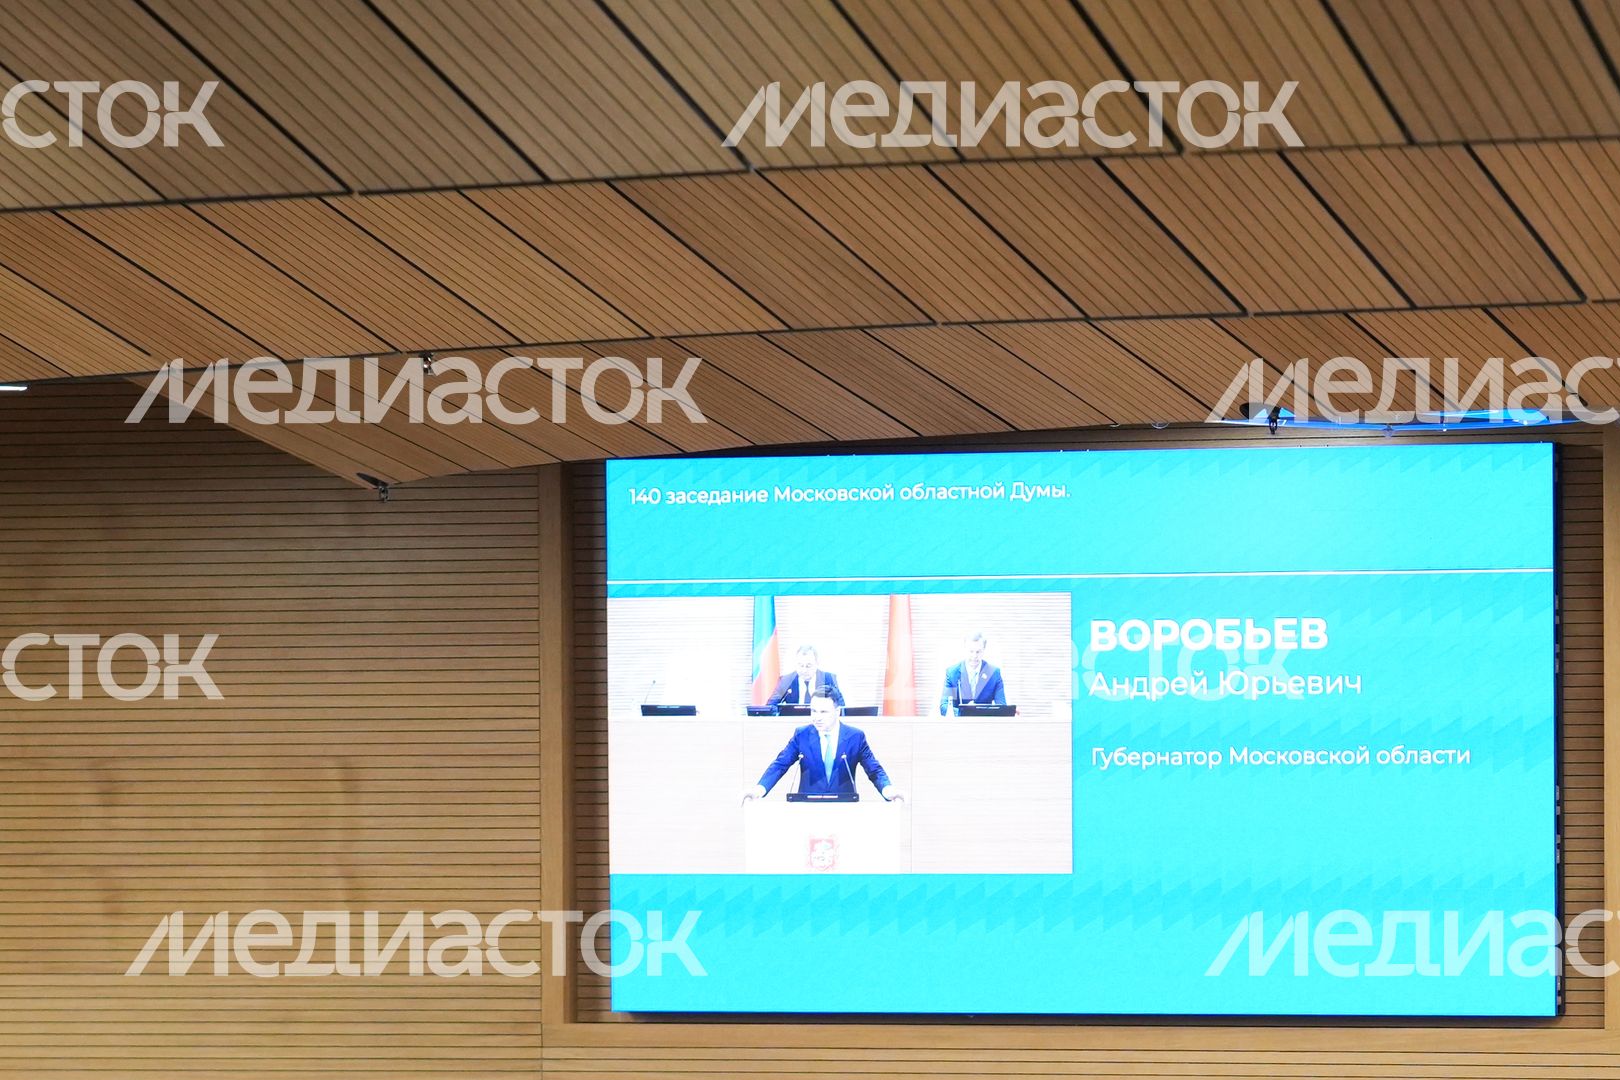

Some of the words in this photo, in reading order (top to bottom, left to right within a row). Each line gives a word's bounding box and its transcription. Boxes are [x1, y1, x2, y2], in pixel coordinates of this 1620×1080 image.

[628, 487, 662, 505] 140
[666, 489, 769, 506] заседание
[774, 484, 895, 503] Московской
[899, 482, 1005, 501] областной
[1009, 481, 1071, 503] Думы.
[1090, 617, 1328, 652] ВОРОБЬЕВ
[1088, 670, 1208, 701] Андрей
[1219, 669, 1361, 701] Юрьевич
[1091, 746, 1223, 771] Губернатор
[1229, 745, 1370, 766] Московской
[1376, 745, 1471, 765] области
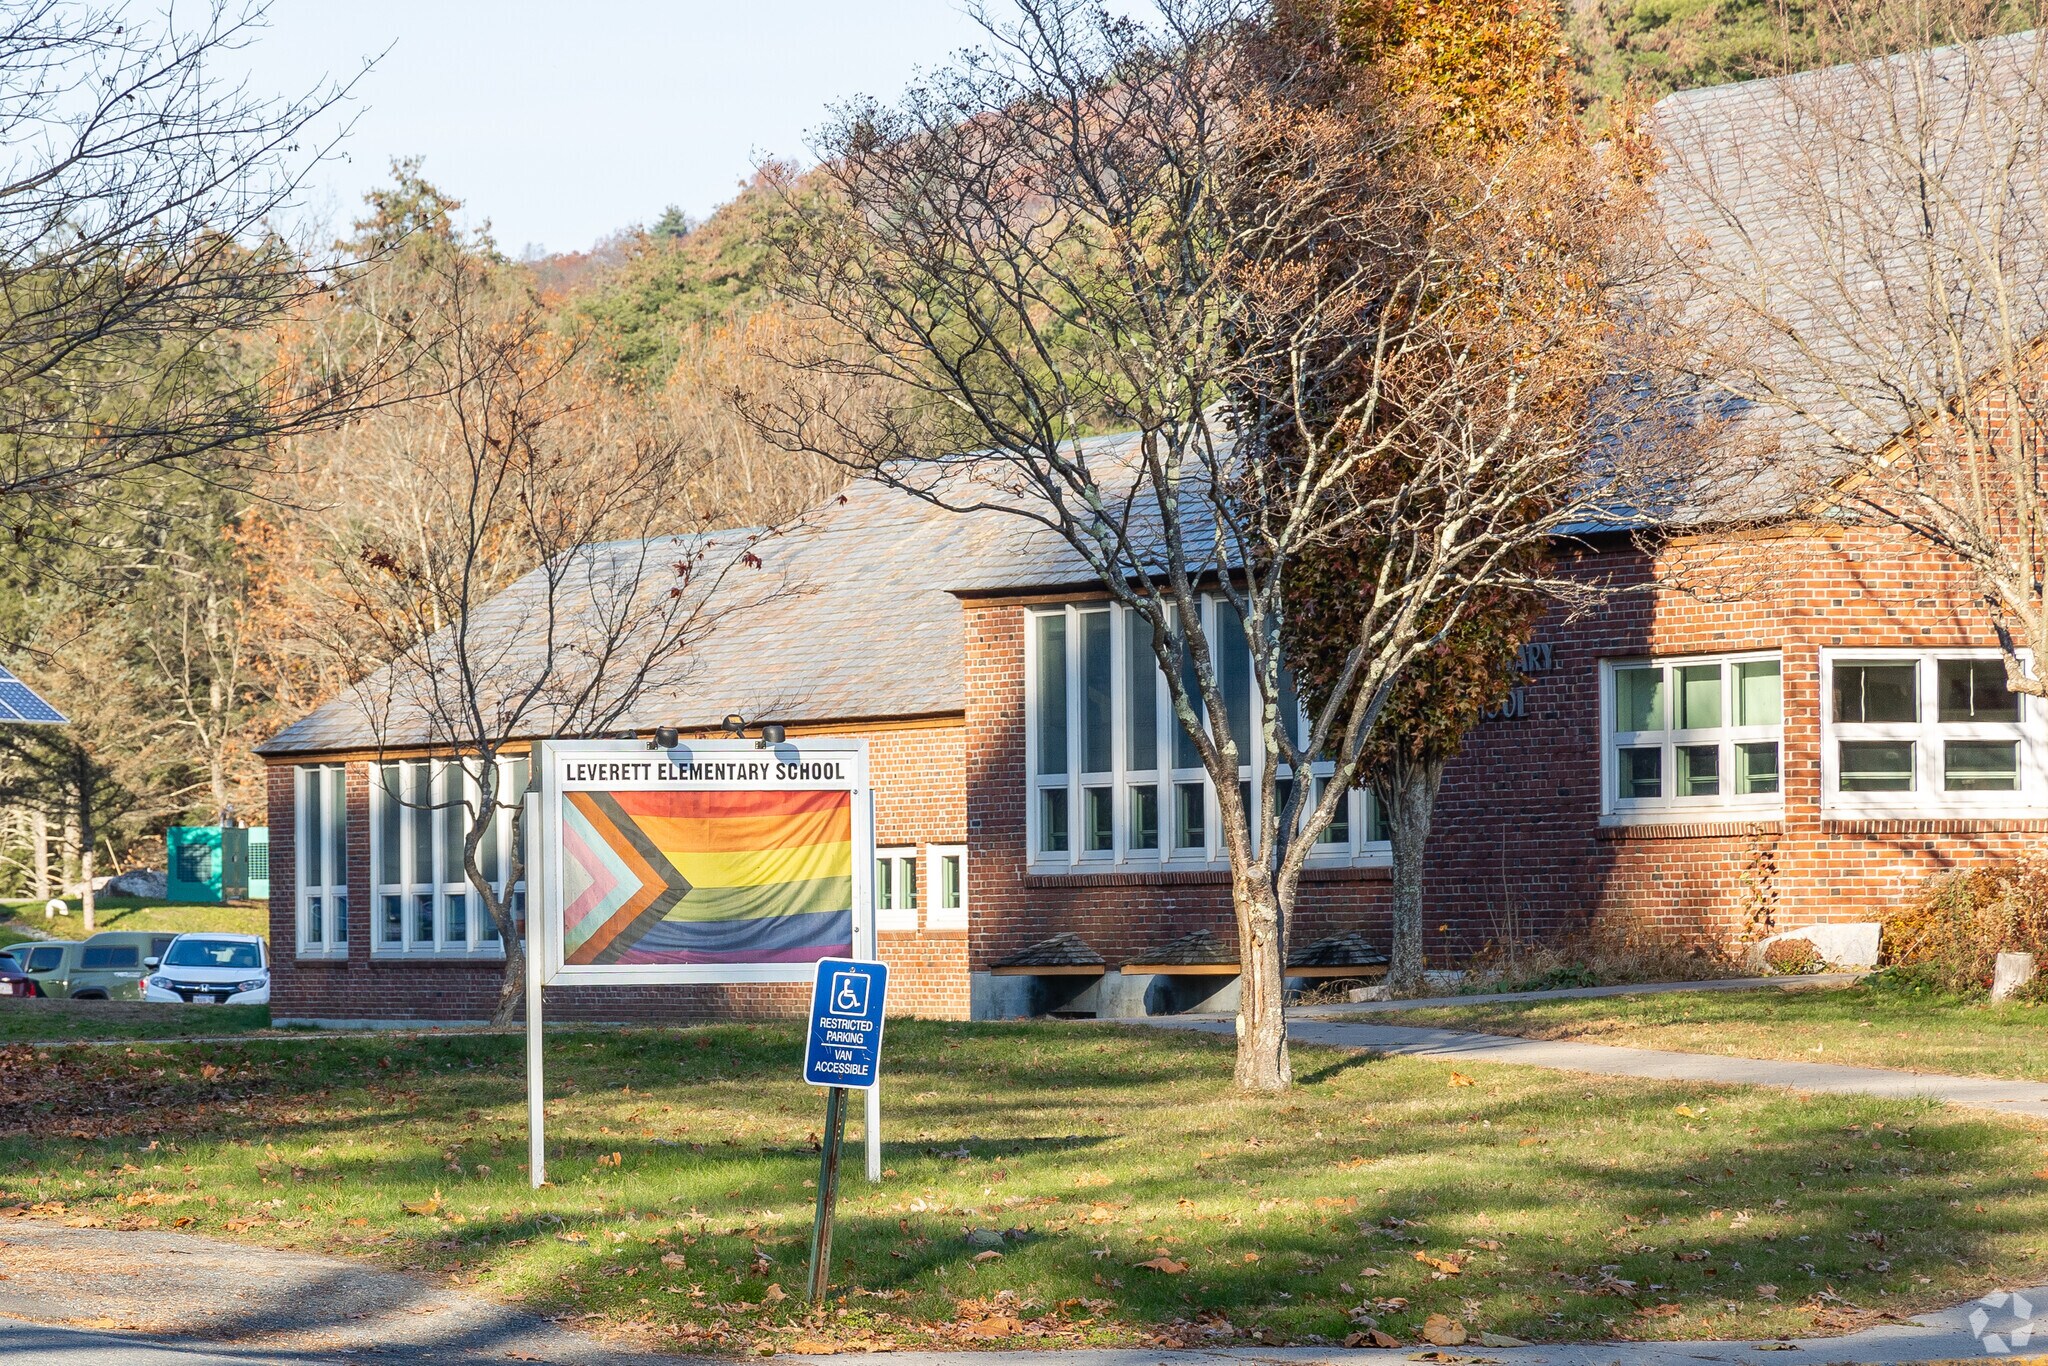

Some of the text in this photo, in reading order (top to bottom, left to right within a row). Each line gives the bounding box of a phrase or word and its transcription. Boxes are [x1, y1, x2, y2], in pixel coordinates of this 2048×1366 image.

[566, 762, 845, 781] LEVERETT ELEMENTARY SCHOOL
[820, 1017, 873, 1032] RESTRICTED
[826, 1031, 864, 1044] PARKING
[834, 1049, 853, 1061] VAN
[814, 1061, 869, 1076] ACCESSIBLE

------------------------------

* [ASSIGNED TASK]:
Restate every line of the listing exactly. Pictures are not part of the copy.

* [ANSWER BELOW]:
Some of the words in this photo, in reading order (top to bottom, left to right within a row). Each line gives a word's bounding box and its transcription. Boxes are [x1, y1, x2, y2], in pixel coordinates of this 1620×1080 image.

[628, 487, 662, 505] 140
[666, 489, 769, 506] заседание
[774, 484, 895, 503] Московской
[899, 482, 1005, 501] областной
[1009, 481, 1071, 503] Думы.
[1090, 617, 1328, 652] ВОРОБЬЕВ
[1088, 670, 1208, 701] Андрей
[1219, 669, 1361, 701] Юрьевич
[1091, 746, 1223, 771] Губернатор
[1229, 745, 1370, 766] Московской
[1376, 745, 1471, 765] области

Some of the text in this photo, in reading order (top to bottom, left to right within a row). Each line gives the bounding box of a phrase or word and its transcription. Boxes are [x1, y1, x2, y2], in pixel coordinates of this 2048×1366 image.

[566, 762, 845, 781] LEVERETT ELEMENTARY SCHOOL
[820, 1017, 873, 1032] RESTRICTED
[826, 1031, 864, 1044] PARKING
[834, 1049, 853, 1061] VAN
[814, 1061, 869, 1076] ACCESSIBLE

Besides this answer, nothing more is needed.